03/09/2014 at 11 h 16 min

Les Contrats d’Accès à l’Emploi accentuent les mesures de la loi du 25 juillet 1994 tendant à favoriser l’emploi, l’insertion et les activités économiques dans les départements d’Outre-mer, à Saint Pierre et Miquelon et à Mayotte.

Les bénéficiaires sont, entre autres, les bénéficiaires du RSA.

Monique Orphée, députée réunionnaise et membre des affaires sociales, creuse la problématique de l’emploi, particulièrement sensible en outre-mer, en proposant une  meilleure utilisation des contrats aidés en outre-mer grâce à l’insertion professionnelle des bénéficiaires du RSA. Le défi ? Utiliser un fonds financé par l’enveloppe RSA pour financer le résiduel des contrats aidés pris en charge par les collectivités.

C’est dans cette optique que la députée recevait hier les inspecteurs de l’Inspection Générale des Affaires Sociales mandatés par une mission interministérielle (Ministère du Travail, de l’Emploi, de la Formation Professionnelle et du Dialogue social ainsi que le Ministère des Outre-Mer).

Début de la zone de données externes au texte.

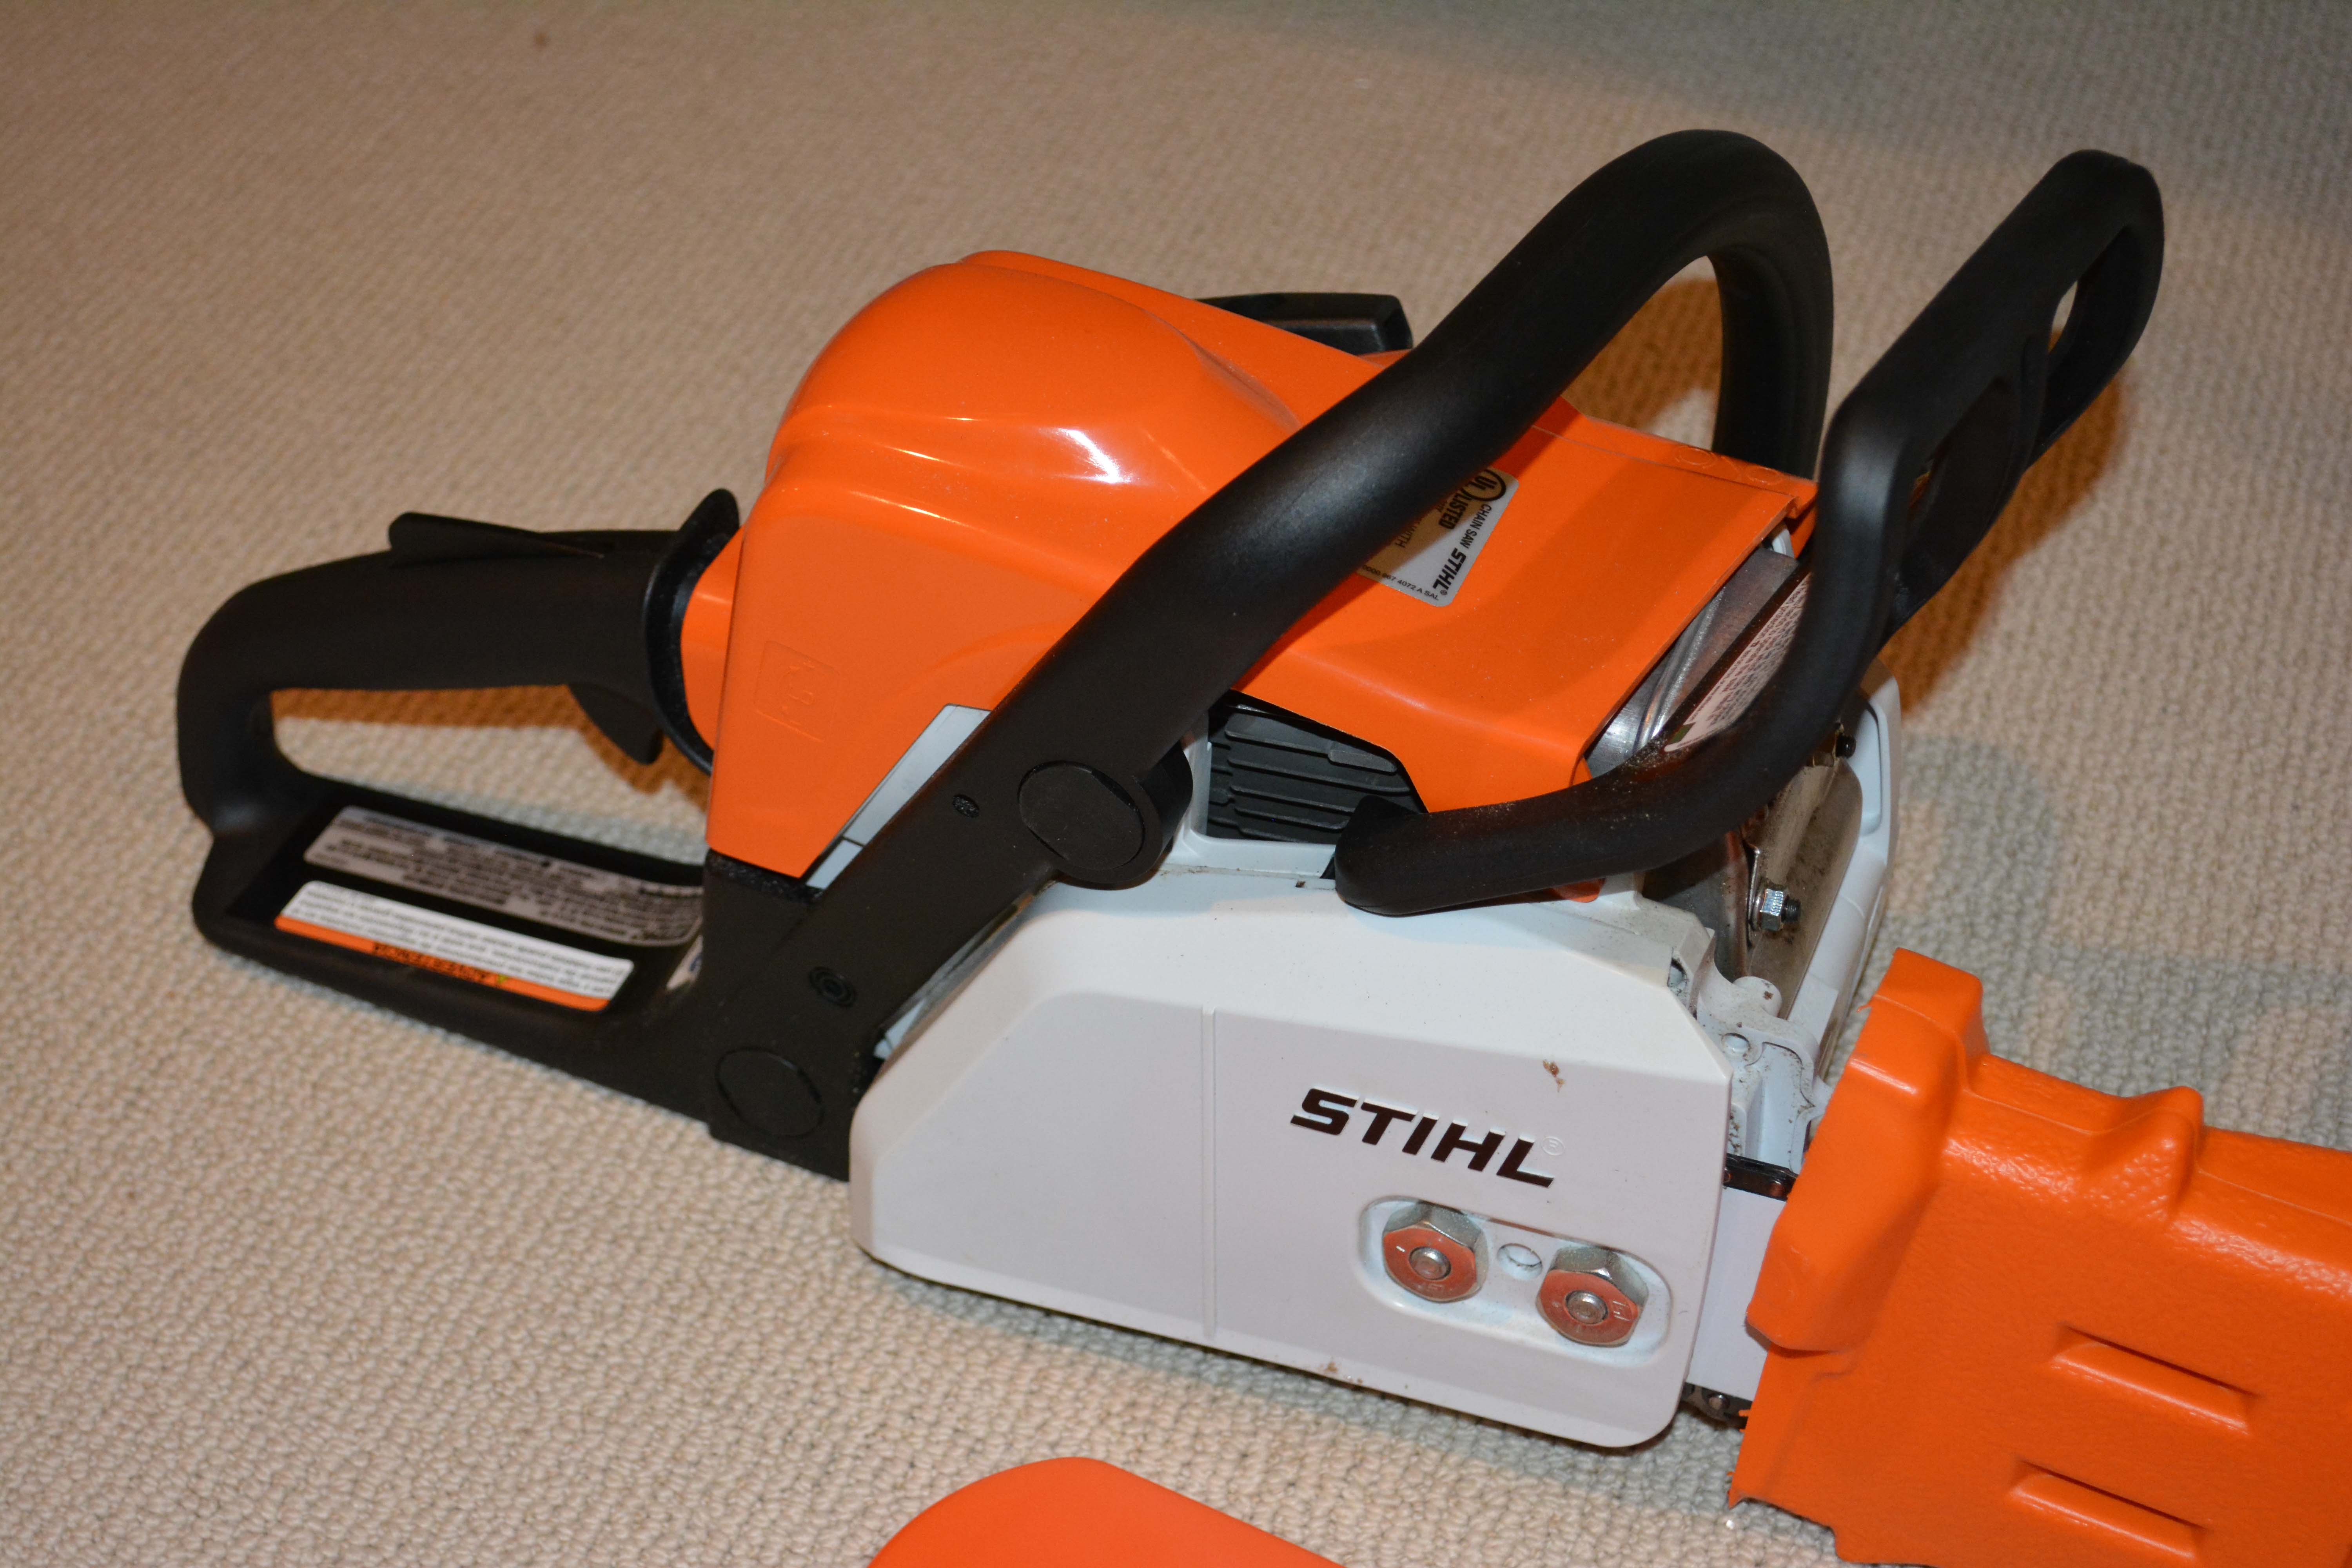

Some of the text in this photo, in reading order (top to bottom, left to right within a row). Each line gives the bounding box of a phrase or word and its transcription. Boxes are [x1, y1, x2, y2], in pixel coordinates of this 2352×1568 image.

[1438, 493, 1472, 530] LISTED
[1432, 503, 1492, 590] CHAIN SAW STIHL
[1397, 579, 1416, 590] 4072
[1424, 590, 1439, 601] SAL
[1290, 1085, 1555, 1189] STIHL

Cette rencontre a permis « d’échanger sur les solutions possibles, qui permettront aux réunionnais (…) d’envisager un retour sur le marché du travail », et a débouché sur trois idées principales.

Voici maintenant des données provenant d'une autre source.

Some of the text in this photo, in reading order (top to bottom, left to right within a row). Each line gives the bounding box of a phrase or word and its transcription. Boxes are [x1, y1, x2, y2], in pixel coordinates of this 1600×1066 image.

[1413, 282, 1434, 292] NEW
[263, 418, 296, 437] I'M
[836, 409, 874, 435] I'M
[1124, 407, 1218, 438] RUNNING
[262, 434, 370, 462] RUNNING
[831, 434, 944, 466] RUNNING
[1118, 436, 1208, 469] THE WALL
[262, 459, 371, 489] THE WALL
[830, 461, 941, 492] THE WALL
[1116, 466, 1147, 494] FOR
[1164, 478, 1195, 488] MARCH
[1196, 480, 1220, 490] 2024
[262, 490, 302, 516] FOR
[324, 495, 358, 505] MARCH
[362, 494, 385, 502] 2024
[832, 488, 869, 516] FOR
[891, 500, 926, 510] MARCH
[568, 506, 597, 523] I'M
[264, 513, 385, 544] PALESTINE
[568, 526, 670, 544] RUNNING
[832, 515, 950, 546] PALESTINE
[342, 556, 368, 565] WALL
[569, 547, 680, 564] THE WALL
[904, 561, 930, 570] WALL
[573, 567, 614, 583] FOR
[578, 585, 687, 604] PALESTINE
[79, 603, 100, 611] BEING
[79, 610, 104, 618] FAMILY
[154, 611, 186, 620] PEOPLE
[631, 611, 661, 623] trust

La première, la possibilité d’une création d’un fonds financé par l’enveloppe RSA, le FSE, ou encore les fonds dégagés par le taux de non-recours du RSA (environ 5 milliards d’euros), dans la problématique du financement du résiduel des contrats aidés du secteur non-marchand.

La députée souhaite également « briser la spirale des inégalités » et évoque l’importance de la dignité au travail. Seconde urgence liée à l’emploi : soulager les victimes de la crise et du chômage, tout en faisant évoluer le regard porté sur la population réunionnaise et, par extension, ultramarine, bien trop souvent taxée « d’assistée ».

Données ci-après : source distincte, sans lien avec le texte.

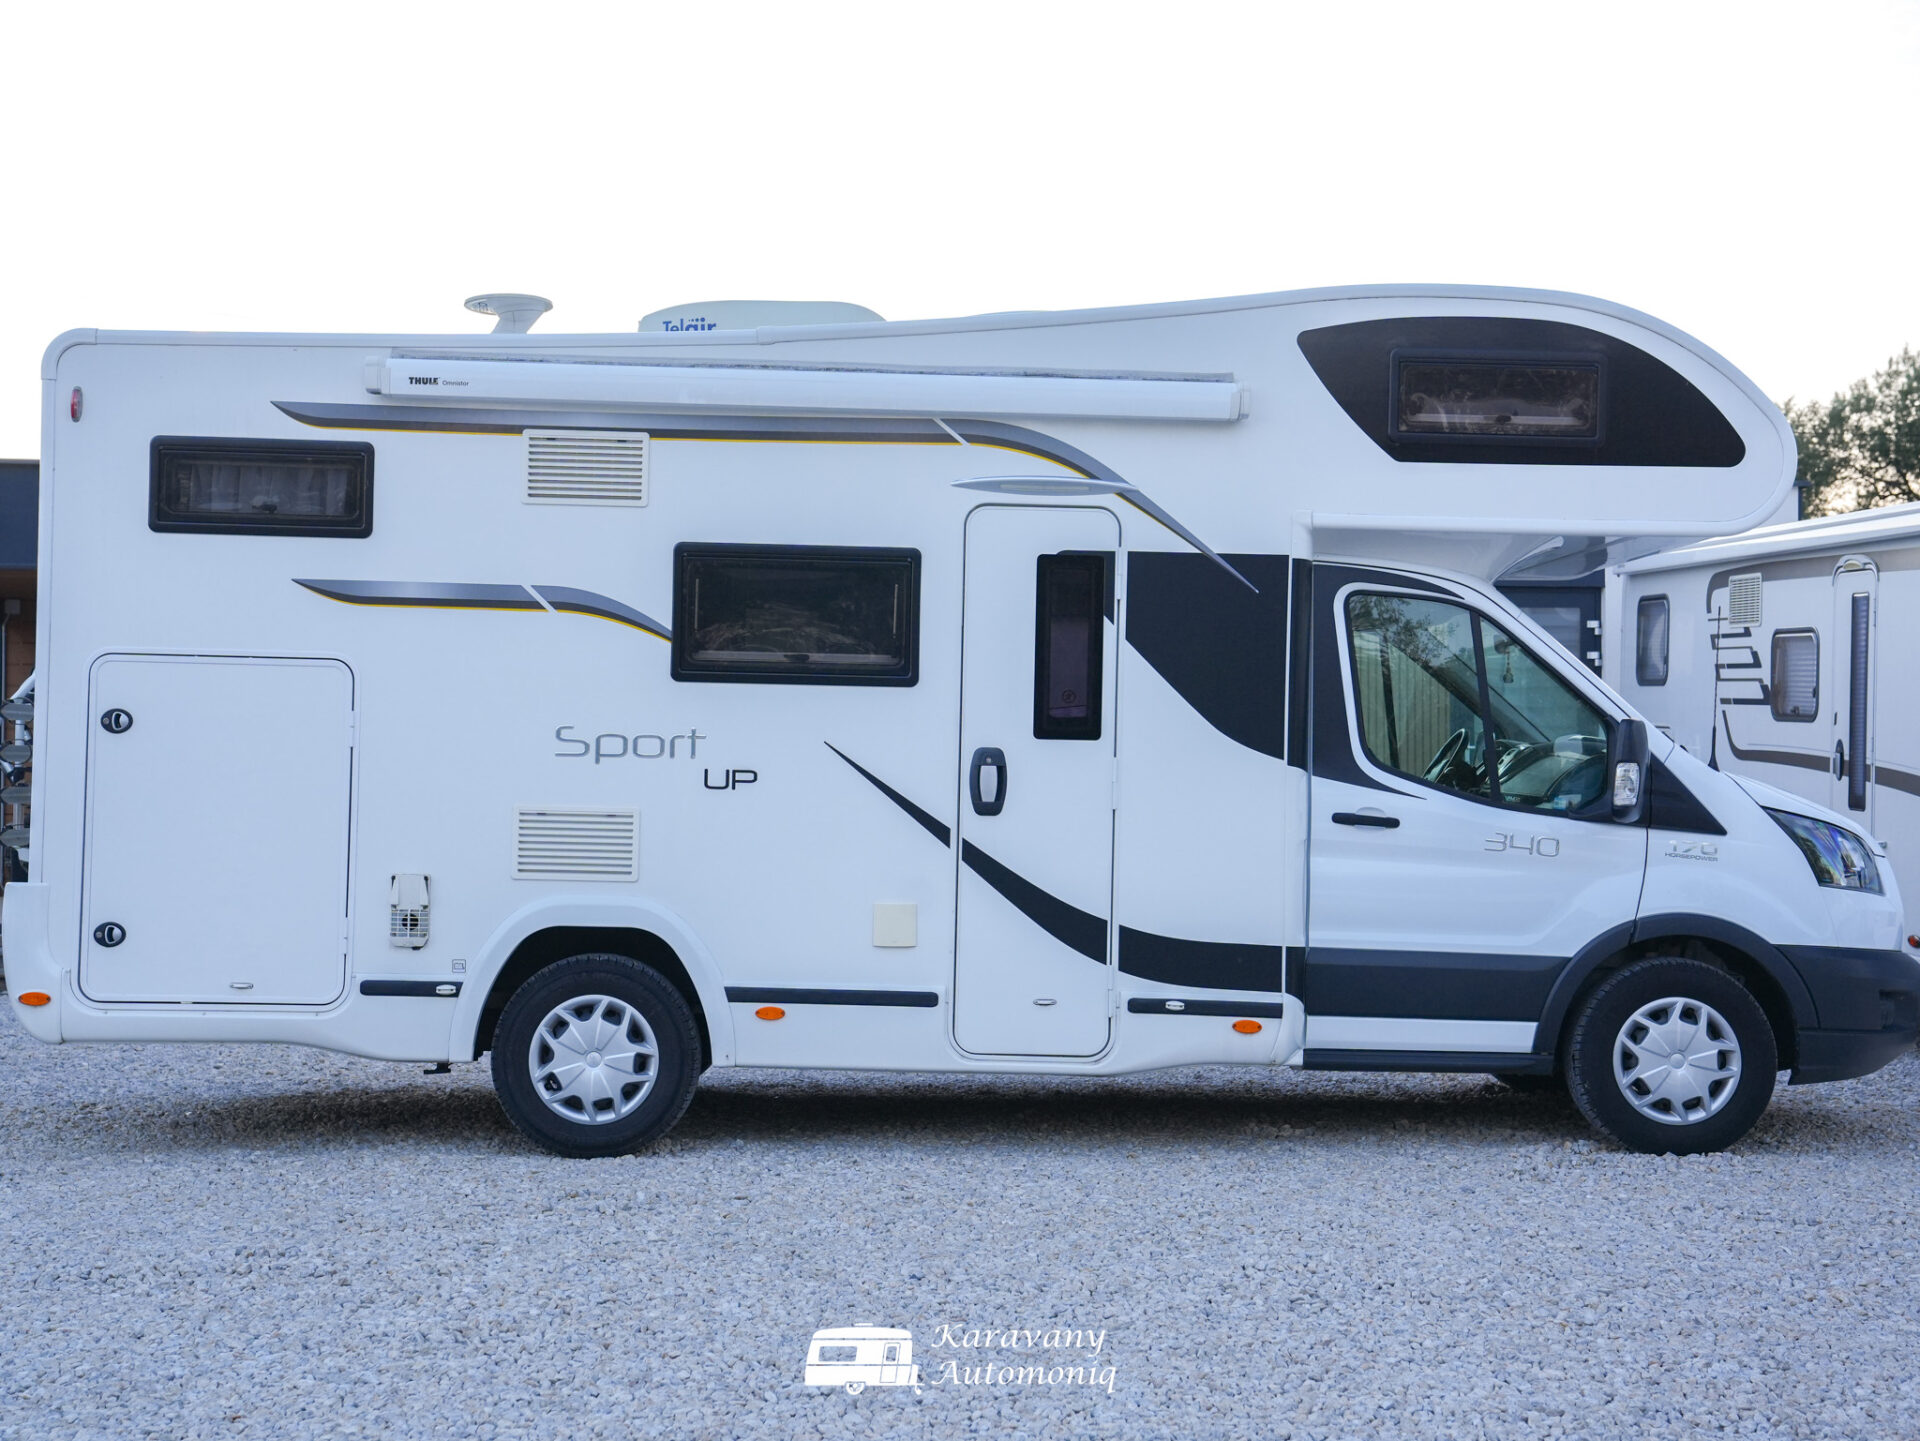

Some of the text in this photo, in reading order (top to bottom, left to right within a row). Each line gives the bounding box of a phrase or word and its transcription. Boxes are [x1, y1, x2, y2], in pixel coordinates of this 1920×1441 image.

Enfin, confier la gestion des contrats aidés à Pôle Emploi pour un suivi plus cohérent et plus transparent.

Du 8 au 12 septembre, les chargés de cette mission s’attacheront à rédiger un rapport sur l’insertion professionnelle des bénéficiaires du RSA.

Si cette entrevue est un bon point en ce qui concerne l’insertion professionnelle des ultramarins sur le marché du travail, Monique Orphée n’oublie pas d’alerter sur « la situation hors norme » que connaissent les départements d’Outre-mer. Un taux de chômage excessivement élevé, une insertion professionnelle difficile pour les jeunes ultramarins, avec plusieurs facteurs agissant comme freins : méconnaissance de certaines institutions, insuffisance des informations liées à l’emploi, etc.

En parallèle, l’outre-mer est source d’immenses possibilités. La population ultramarine est jeune et dynamique – un tiers de la population a moins de vingt ans (31, 2%*), une biodiversité extrêmement riche (plus de 3400 plantes et 380 vertébrés y sont endémiques, sans parler des récifs coralliens, patrimoine mondial de l’UNESCO), et un champ incroyable en matière de recherches (centre spatial en Guyane, réserves de Nickel en Nouvelle-Calédonie).


Par Marie Delattres

*source : étude INSEE – 1er janvier 2011.